About one in seven riders of electric scooters in Finland are caught intoxicated when checked on weekend evenings, according to a new police report.
The finding comes as the country also records a general increase in driving while intoxicated.
Campaign
At the turn of August and September 2025, Finnish police monitored riders of electric scooters in Helsinki, Turku, Oulu and Joensuu. The surveillance took place on 22–23 August and 5 September, focusing on late evening hours. Police breathalysed 478 riders, and 70 of them – about 15 per cent – exceeded the legal intoxication limit and received a traffic penalty fee of €200.
In Oulu and Turku, one in five sanctioned riders were also illegally carrying passengers on their scooters. Around 10 per cent of riders in Helsinki, Oulu and Joensuu tested positive for alcohol below the penalty threshold.
The Law
The current law prohibits riding bicycles with a motor or light electric vehicles with a blood alcohol content of 0.5‰ or more (0.22 mg/l in exhaled air). The reform entered into force on 17 June 2025. Since then, police have imposed about 700 traffic penalties for riding while intoxicated. Four out of five penalties were handed out in the evening between 7 p.m. and 2 a.m., mainly on Fridays and Saturdays.

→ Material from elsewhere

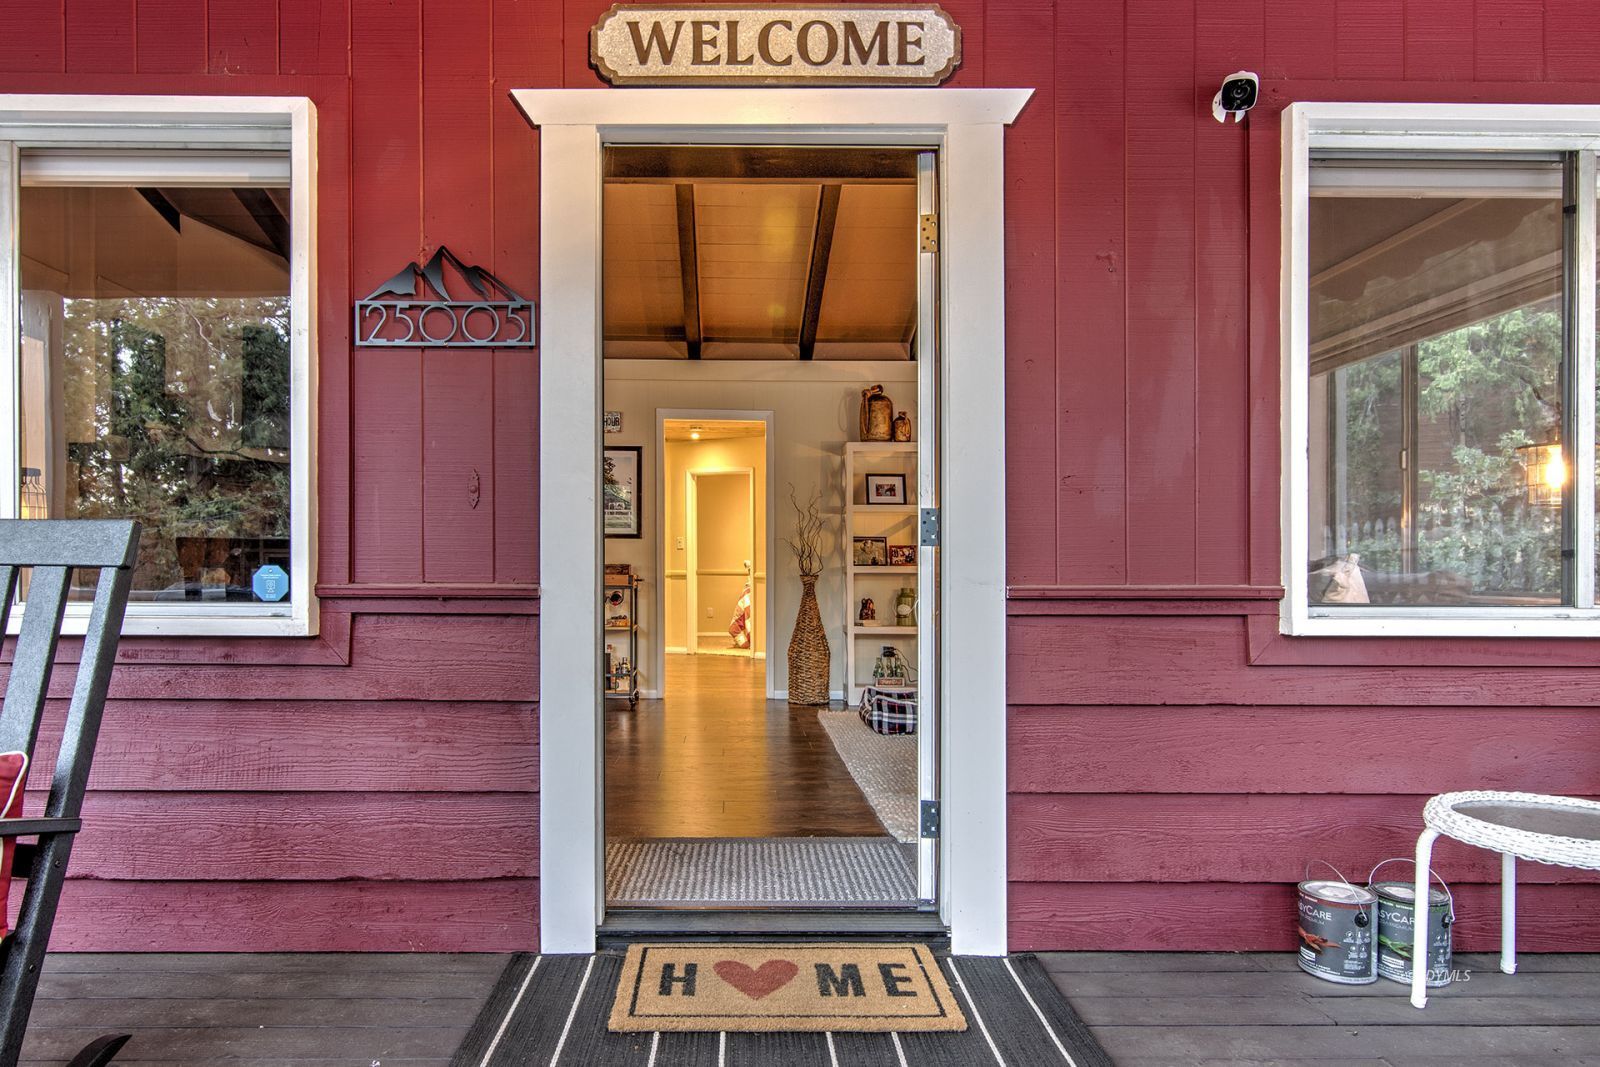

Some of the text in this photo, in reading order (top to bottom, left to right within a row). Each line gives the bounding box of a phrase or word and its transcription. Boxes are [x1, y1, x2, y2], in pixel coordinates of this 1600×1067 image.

[625, 19, 926, 67] WELCOME
[365, 303, 526, 342] 25005
[1298, 902, 1332, 921] SYCARE

Police stress that intoxicated riding remains a significant safety issue across Finland. The objective of the new law is to reduce intoxication-related accidents, injuries, and the burden on healthcare, as well as to strengthen the sense of safety for all road users.
Trend
The findings on scooters coincide with broader police statistics indicating a rise in drink driving. According to Finland’s national survey on driving while intoxicated – carried out since 1979 – around 75,000 drivers were tested in 2025. One in 669 drivers (0.15%) exceeded the intoxication limit, while one in 232 drivers (0.43%) had consumed some alcohol. Between January and August 2025, police recorded 10,385 incidents of driving while intoxicated, up 4.8% from 9,907 in the same period of 2024. The increase is most notable among drivers combining alcohol with narcotics: 819 such cases were registered, 19.2% more than the 687 a year earlier.
Police underline that while intoxicated driving has generally decreased over the decades, recent years have shown a slight upward trend since the coronavirus pandemic.